◆ Work order:
Please print the records below exactly as they are.

◆ Extracted entries:
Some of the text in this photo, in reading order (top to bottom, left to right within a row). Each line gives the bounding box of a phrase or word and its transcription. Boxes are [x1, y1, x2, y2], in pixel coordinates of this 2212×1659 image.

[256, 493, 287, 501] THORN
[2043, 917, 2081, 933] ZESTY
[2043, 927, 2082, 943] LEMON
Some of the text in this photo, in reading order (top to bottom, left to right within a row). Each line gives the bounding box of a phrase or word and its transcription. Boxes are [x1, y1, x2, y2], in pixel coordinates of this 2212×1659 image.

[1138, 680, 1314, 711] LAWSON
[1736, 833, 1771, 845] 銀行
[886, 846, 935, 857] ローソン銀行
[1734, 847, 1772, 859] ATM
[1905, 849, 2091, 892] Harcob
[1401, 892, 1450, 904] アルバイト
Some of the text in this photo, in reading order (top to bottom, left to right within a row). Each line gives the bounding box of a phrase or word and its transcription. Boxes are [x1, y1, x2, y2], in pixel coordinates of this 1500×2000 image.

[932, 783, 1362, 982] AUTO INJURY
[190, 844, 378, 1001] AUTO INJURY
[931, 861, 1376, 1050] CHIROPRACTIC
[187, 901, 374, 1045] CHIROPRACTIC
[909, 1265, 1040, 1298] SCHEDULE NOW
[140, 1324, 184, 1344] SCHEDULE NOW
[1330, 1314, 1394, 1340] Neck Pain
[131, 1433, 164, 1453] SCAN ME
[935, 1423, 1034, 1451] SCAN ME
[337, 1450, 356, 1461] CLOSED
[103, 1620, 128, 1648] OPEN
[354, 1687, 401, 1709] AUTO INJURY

◆ Exercise result:
Some of the text in this photo, in reading order (top to bottom, left to right within a row). Each line gives the bounding box of a phrase or word and its transcription. Boxes are [x1, y1, x2, y2], in pixel coordinates of this 2212×1659 image.

[256, 493, 287, 501] THORN
[2043, 917, 2081, 933] ZESTY
[2043, 927, 2082, 943] LEMON
Some of the text in this photo, in reading order (top to bottom, left to right within a row). Each line gives the bounding box of a phrase or word and its transcription. Boxes are [x1, y1, x2, y2], in pixel coordinates of this 2212×1659 image.

[1138, 680, 1314, 711] LAWSON
[1736, 833, 1771, 845] 銀行
[886, 846, 935, 857] ローソン銀行
[1734, 847, 1772, 859] ATM
[1905, 849, 2091, 892] Harcob
[1401, 892, 1450, 904] アルバイト
Some of the text in this photo, in reading order (top to bottom, left to right within a row). Each line gives the bounding box of a phrase or word and its transcription. Boxes are [x1, y1, x2, y2], in pixel coordinates of this 1500×2000 image.

[932, 783, 1362, 982] AUTO INJURY
[190, 844, 378, 1001] AUTO INJURY
[931, 861, 1376, 1050] CHIROPRACTIC
[187, 901, 374, 1045] CHIROPRACTIC
[909, 1265, 1040, 1298] SCHEDULE NOW
[140, 1324, 184, 1344] SCHEDULE NOW
[1330, 1314, 1394, 1340] Neck Pain
[131, 1433, 164, 1453] SCAN ME
[935, 1423, 1034, 1451] SCAN ME
[337, 1450, 356, 1461] CLOSED
[103, 1620, 128, 1648] OPEN
[354, 1687, 401, 1709] AUTO INJURY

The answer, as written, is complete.